When you call a glass shop for mobile auto glass services, the price you get up front on the phone is rarely the same as the total on your final invoice.
Somewhere between “we’ll come to you” and “sign here,” a new line item seems to show up.
Convenience fee. Trip charge. Mileage fee. Different name, same move.
We don’t have one. Our mobile auto glass services in Spokane cost the same whether you drive to our Spokane Valley shop or we drive 30 miles to your driveway in Rathdrum. That’s a long-running standard, not a promotion.
We wanted to explain the mechanics behind this decision — and what a mileage fee actually tells you about the shop that’s charging you for it.
The Fee You Find After You’ve Already Said Yes
You call a local shop to get quoted a windshield price. At first things sound fair.
Then their van shows up and explains that you’ve incurred a $35 “service area” charge, aka a per-mile rate that increases the farther you live from their office.
Coeur d’Alene or Cheney? Expect to pay more.
This is one of those fees that isn’t mentioned up front because disclosing it would kill their chances of getting a booking. By the time you see it, you’ve already rearranged your afternoon, and the tech is standing in your driveway. Walking away costs you more than the fee does.
That’s the whole design. We see this pattern constantly, and it works because almost nobody pushes back on $40 once the glass is halfway out.
What a Mileage Fee Actually Pays For
Nothing you should be billed for separately.
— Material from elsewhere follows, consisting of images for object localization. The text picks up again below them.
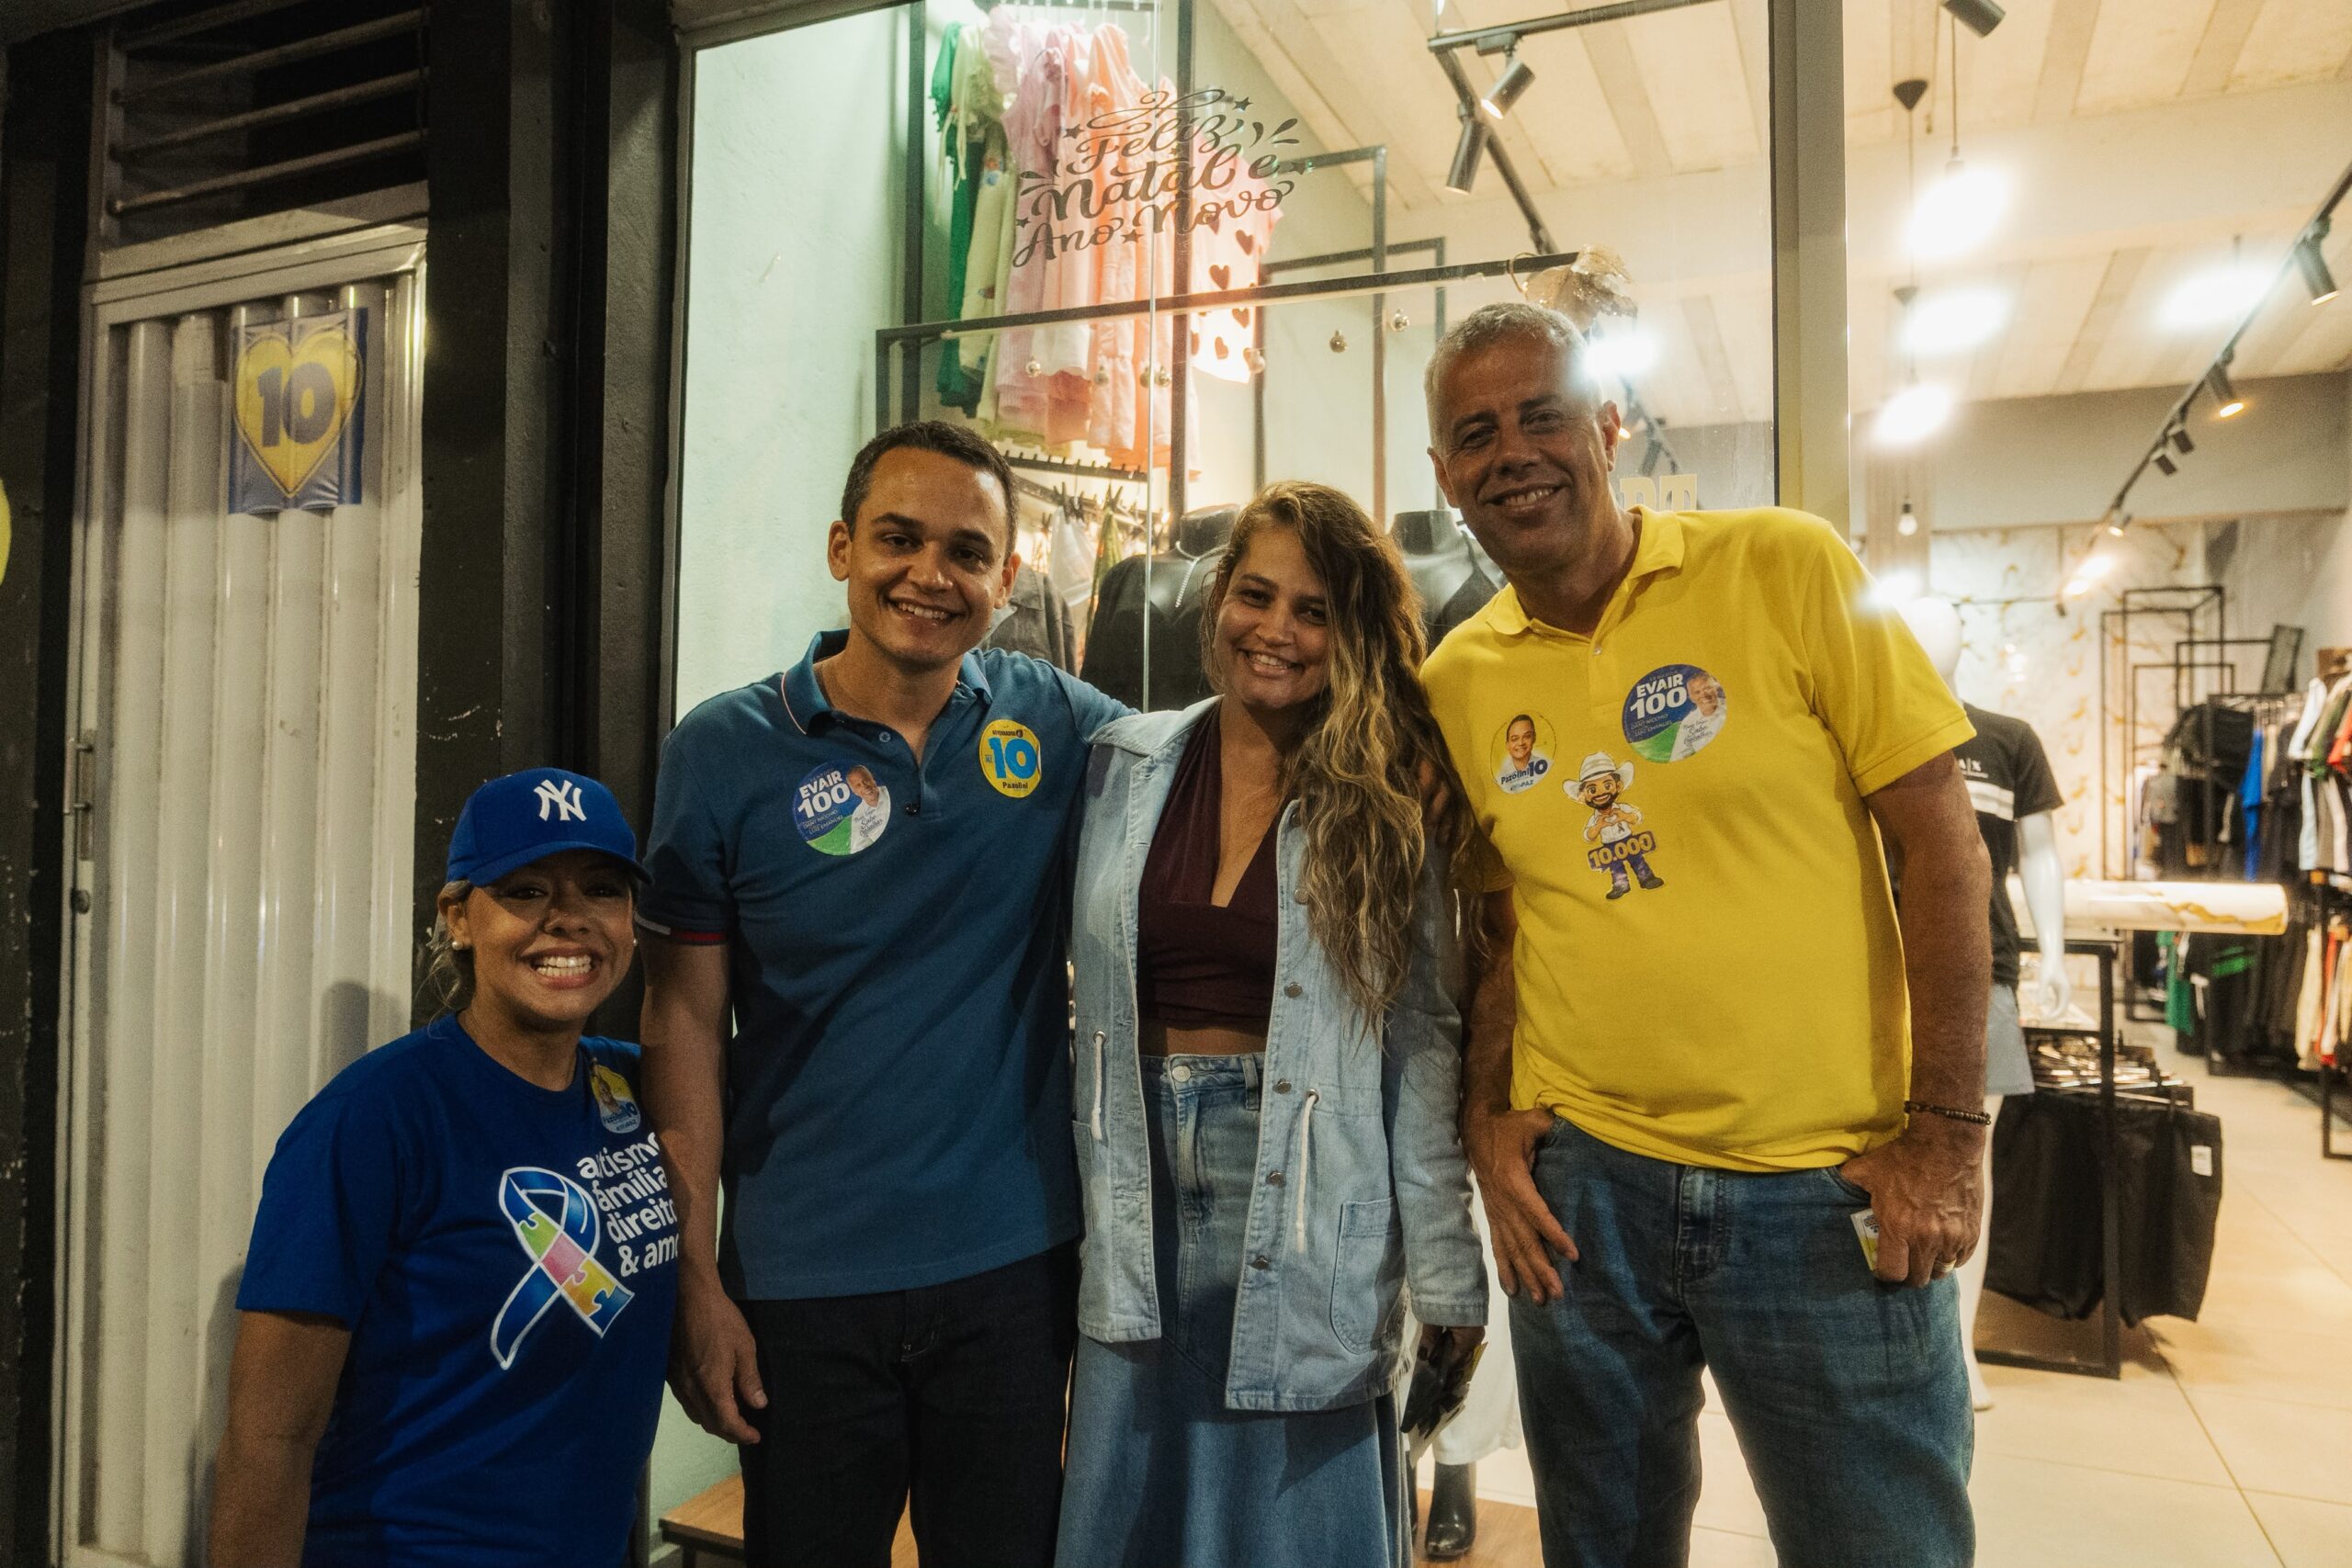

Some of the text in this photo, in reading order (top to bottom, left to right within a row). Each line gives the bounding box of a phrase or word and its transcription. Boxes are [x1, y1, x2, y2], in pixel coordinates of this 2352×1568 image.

[1066, 107, 1244, 176] Feliz
[1031, 144, 1280, 220] Natal e
[1012, 180, 1295, 267] Ano Novo
[257, 362, 336, 448] 10
[1630, 687, 1688, 719] 100
[1636, 673, 1683, 698] EVAIR
[989, 737, 1037, 779] 10
[1528, 760, 1548, 777] 10
[534, 779, 587, 821] NY
[797, 783, 850, 818] 100
[799, 771, 842, 799] EVAIR
[1589, 833, 1653, 867] 10.000
[618, 1233, 679, 1277] & am
A shop’s gas and drive time are operating costs, just like rent on a storefront. Shops that bill from a fixed location bake those costs into the glass price and never say a word. Mobile shops that itemize the trip are charging you twice for the same overhead — once in the part, once in the drive.
The mileage line is a pricing lever, not a reimbursement. It exists to keep the sticker price competitive while the actual price lands higher. Strip it out, and you can finally compare two quotes honestly.
That’s exactly why it’s there: to make a comparison more difficult.
The 30-Mile Radius We Treat as One Price
Our service area runs 30 miles from the Spokane Valley shop — Spokane, Liberty Lake, Post Falls, Coeur d’Alene, Airway Heights, Cheney, Medical Lake, Rathdrum. Two states, two phone lines, one price structure.
A replacement in Rathdrum with us costs the same as one in Spokane Valley. The van crossing the Idaho line doesn’t move your invoice.
We drew our service area radius around what we can actually reach same-day and still provide great service, not around how much extra we could tack on to the bill.
If you’re inside that radius, mobile isn’t an upgrade you pay extra for. It’s just how the work gets done. The customer who calls expecting a surcharge is usually pleasantly surprised there isn’t one.
Why Mobile Surcharges Often Signal a Bigger Cut
A mileage fee is usually just a sign of a bigger issue.
A shop comfortable burying a convenience charge in the quote is a shop making decisions you can’t see from the driveway. The one that matters most on anything built after 2018 is ADAS recalibration — the camera behind your windshield running lane-keep, collision braking, and adaptive cruise. Replace the glass without recalibrating, and those systems read the road wrong.
Plenty of shops skip the step because they don’t have the equipment (it’s a spendy investment).
Others ship your vehicle to a dealer for a separate appointment days later, then call that normal. We handle it in-house, on the same visit, with no upcharge dressed up as an add-on. The shop nickel-and-diming your trip fee is rarely the shop sweating your calibration.
Read the Quote, Not the Promise
A mobile quote is a litmus test of honesty.
The shop that itemizes the drive is telling you exactly how it prices everything else.
When you call around for mobile auto glass in Spokane, ask one question before you book: is the mobile price the same as the in-shop price? The answer you get will tell you the straight shops from those counting on you not to ask.
Our policy on no mobile upcharge has been the same since 2004.